Spam and senseless subscriptions are one thing, and those aren’t the kinds of emails I had to think through. I had followup leads, requests for help, and real people I needed to deal with. These were important emails, and just knowing that I hadn’t even opened them up bothered me. People were “out there” thinking they were being ignored. And in a sense, they were. My business ethic was convicting me: There is no excuse for this.
Have you found yourself in this predicament? I bet you have. I feel like I have a good solution. I apply a 5-minute practice similar to David Allen’s 2-minute principle in Getting Things Done. I feel I need 5 minutes. I click through the emails and ask myself, “Can I respond to this email within 5 minutes?”
- Yes: I do it. A quick response, a pat answer, a forwarding or delegation, or a quick completion of a simple task. Upon reading the email, I assess whether or not I can respond in 5 minutes, then I do it.

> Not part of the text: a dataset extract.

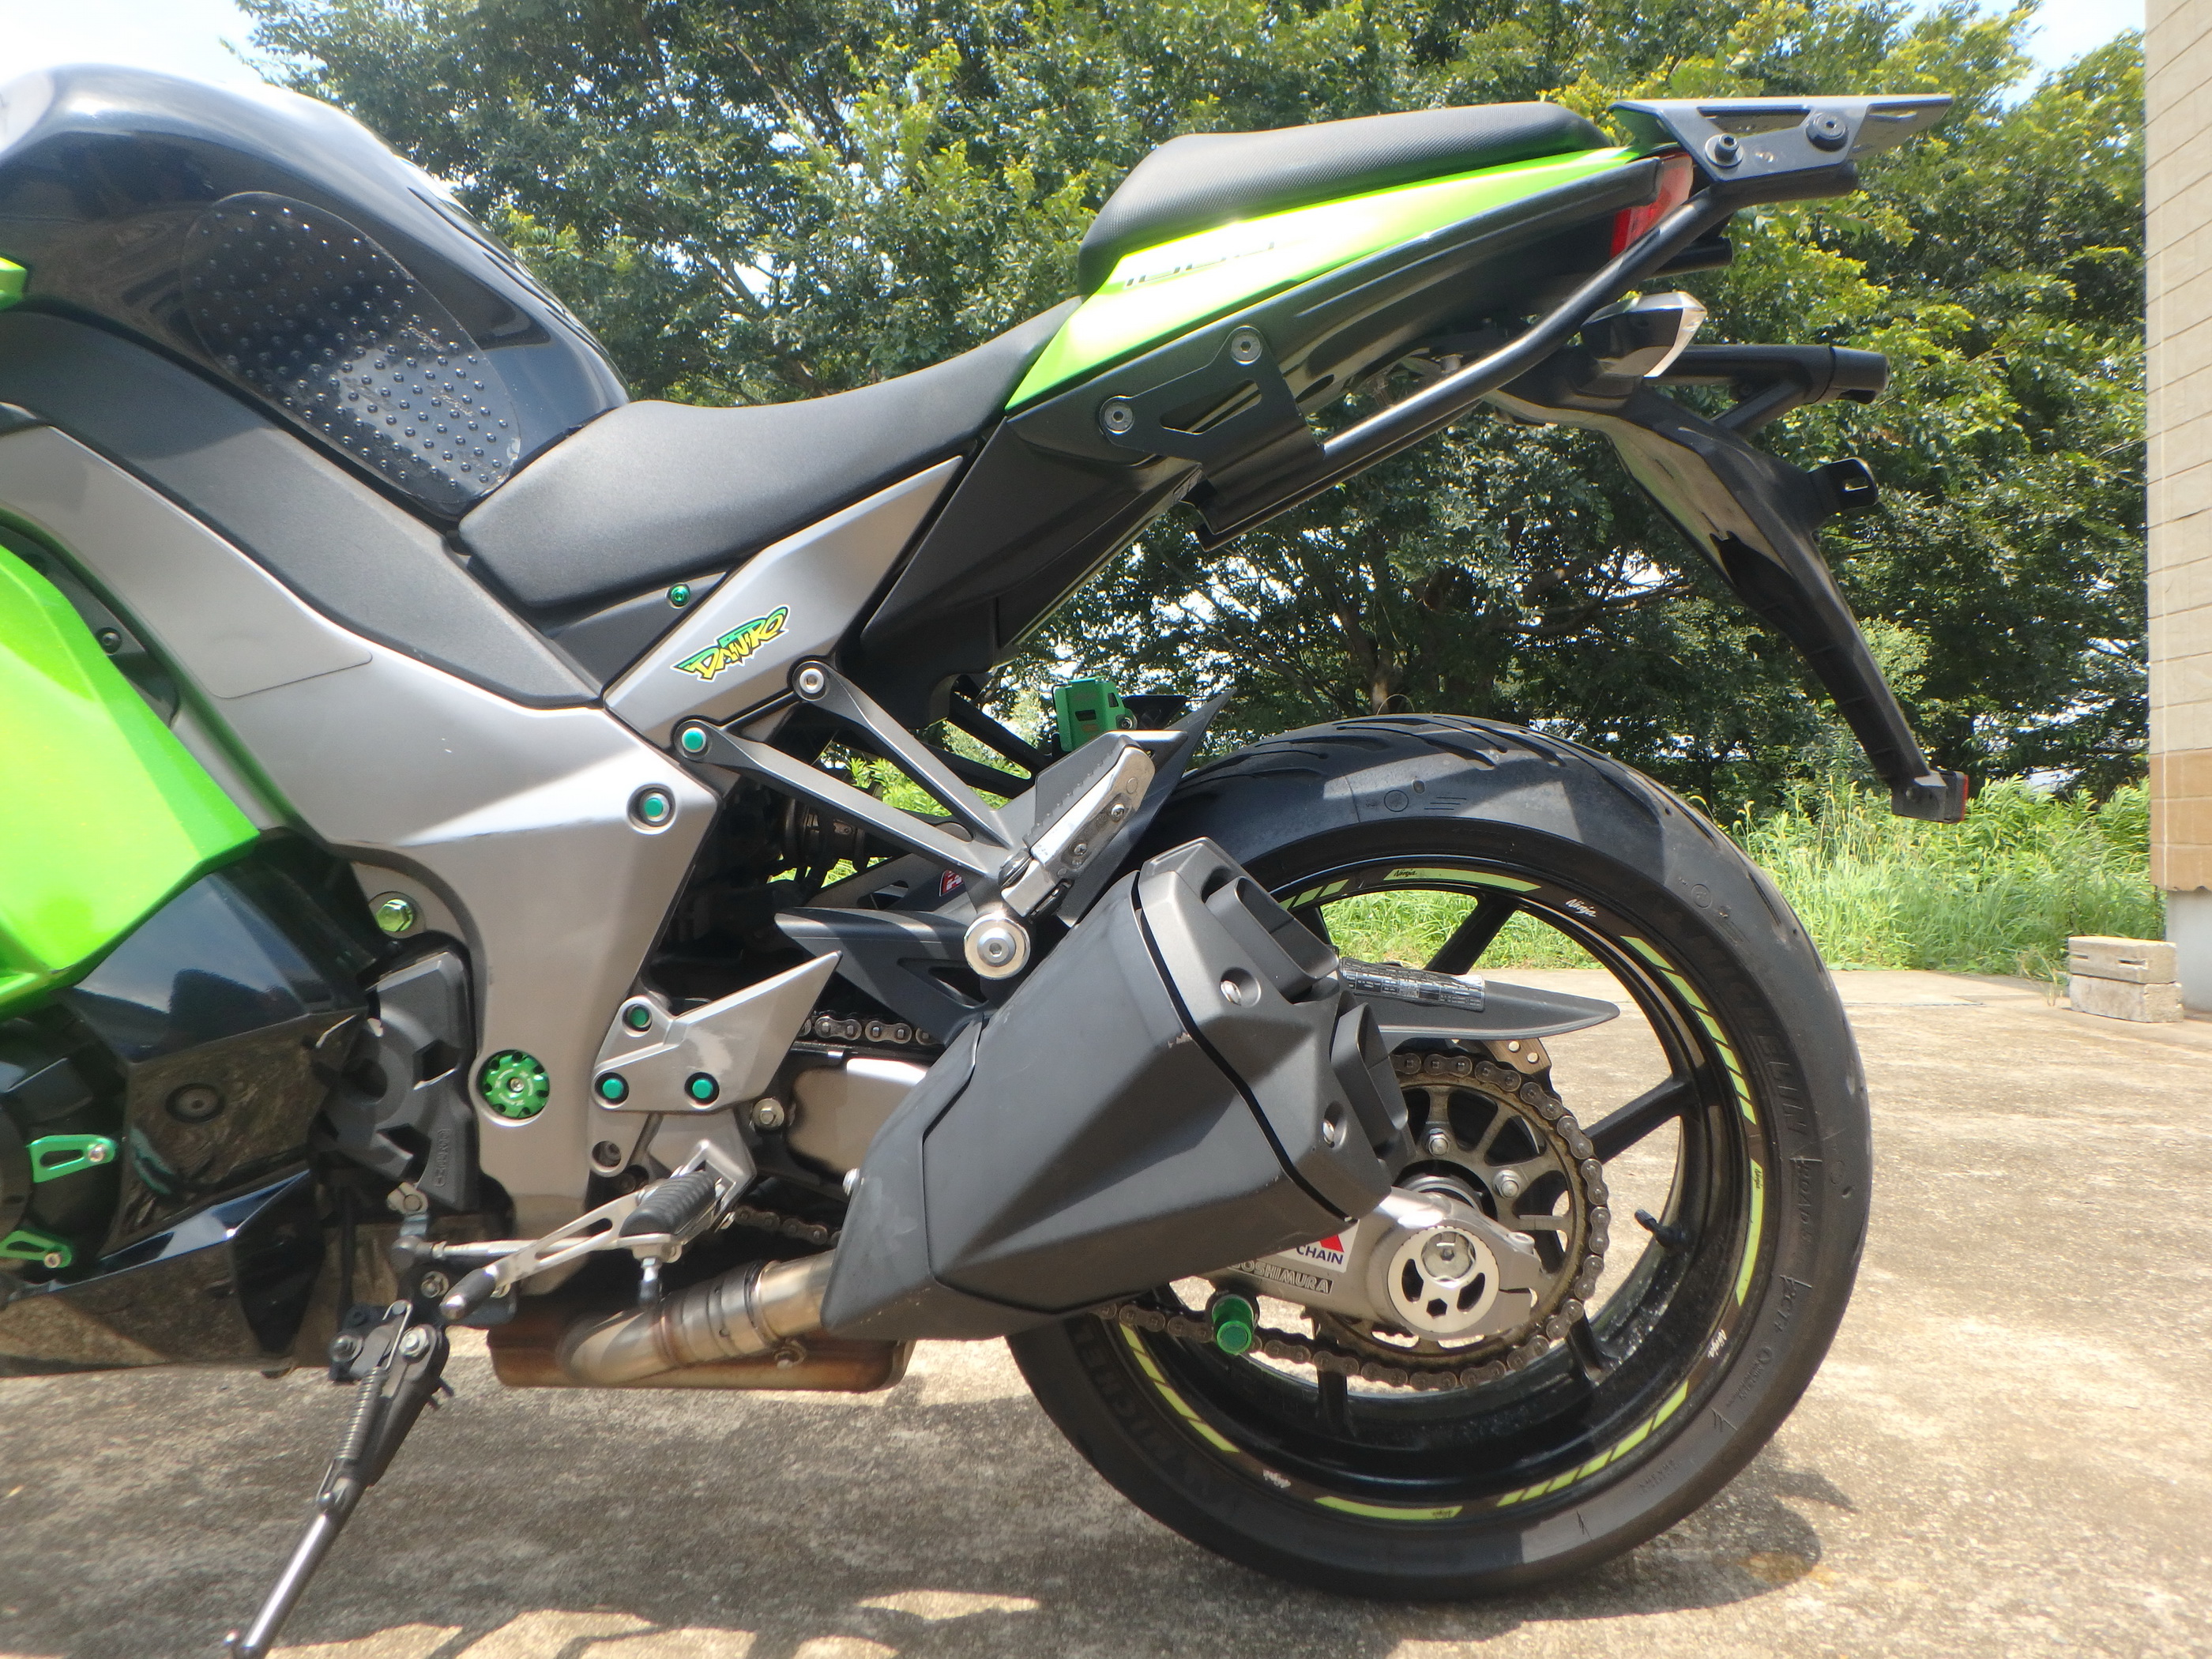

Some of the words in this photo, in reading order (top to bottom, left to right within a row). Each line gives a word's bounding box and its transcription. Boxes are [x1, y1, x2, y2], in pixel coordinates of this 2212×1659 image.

- No: I mark as unread and move onto the next email. These are emails that require more thought, one that kicks off a small project, or demands a follow up phone call or visit.
The case cited above, it took me about two hours to get through the emails with this process. I answered 200 emails (bam!) and ended up with an inbox of about a dozen that required more thought. I then spent the rest of the day following up with the larger responses and greater tasks. By the end, I was all caught up and ready to get back to my daily routine.
Any other ideas? I’d love to hear how you keep up with emails.